Hi All,
I created a BR with below conditions:
My question is If a user comes in and it does not have a SAP Fieldglass account but the first 3 conditions matches in that scenario will the rule still trigger?
Hi @Deepanshu07 ,
No, as its AND condition, access will get assigned only if all the criteria matches.
If you want it to work without “SAP Fieldgrass” account, then have two criteria groups with “OR” condition
1st Criteria group will have as below
2nd Criteria group will have as below(Note: you cannot have user status “open” and “closed” in same condition, kindly have one)
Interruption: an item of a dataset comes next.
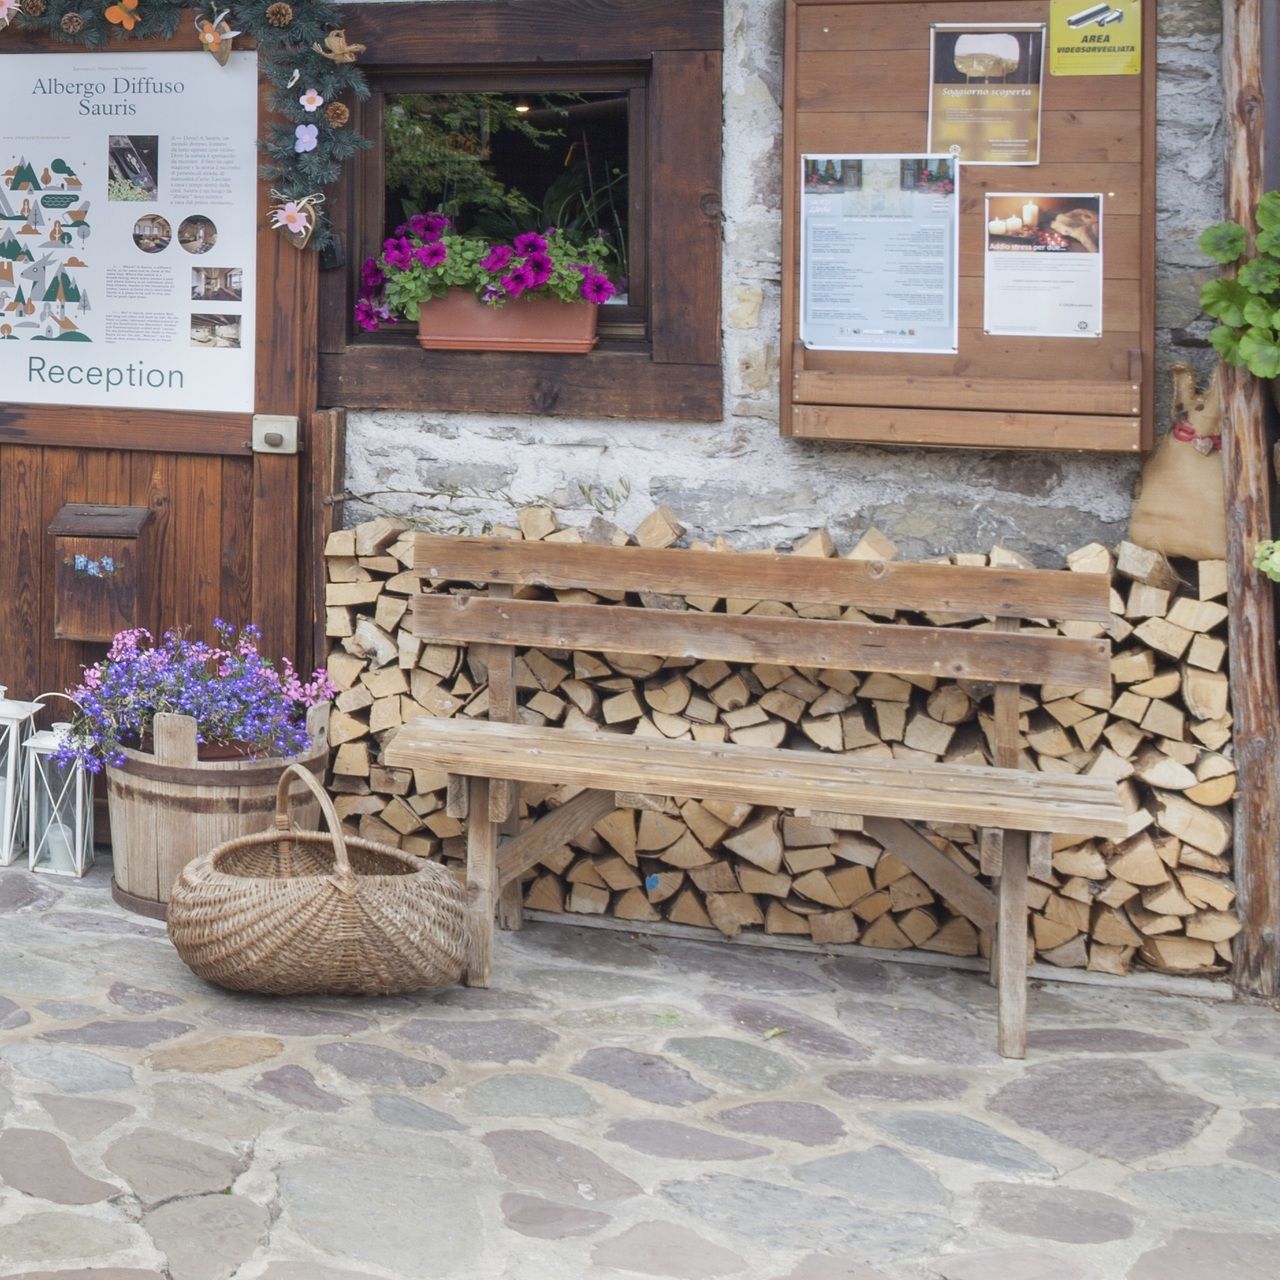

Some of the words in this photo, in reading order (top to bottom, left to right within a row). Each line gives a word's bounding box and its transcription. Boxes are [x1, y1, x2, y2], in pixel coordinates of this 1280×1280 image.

The issue i am facing is user can only have one primary role in Fieldglass so initially it is fine once a new user comes in he is assigned BR rule accordingly but when the same user request for a new role in SP it replaces it BR access then the role is getting triggered again and removes the new role and re assign the BR access.
How can i tackle this so that the rule only triggers for new users and not existing ones in Fieldglass
Does existing users have the same access that has been added in Birthright role?
For some users yes it will be.
The use case is when a new user comes in and it matches the 3 first criteria then it user is assigned FG account and BR role.
But if any existing users that does not have the BR access but matches the first 3 conditions for them this rule should not trigger because that will automatically replace there existing role
SailPoint assign roles based on the criteria defined, it will not know whether it’s a new user or existing user. Best way is to go with Workflows.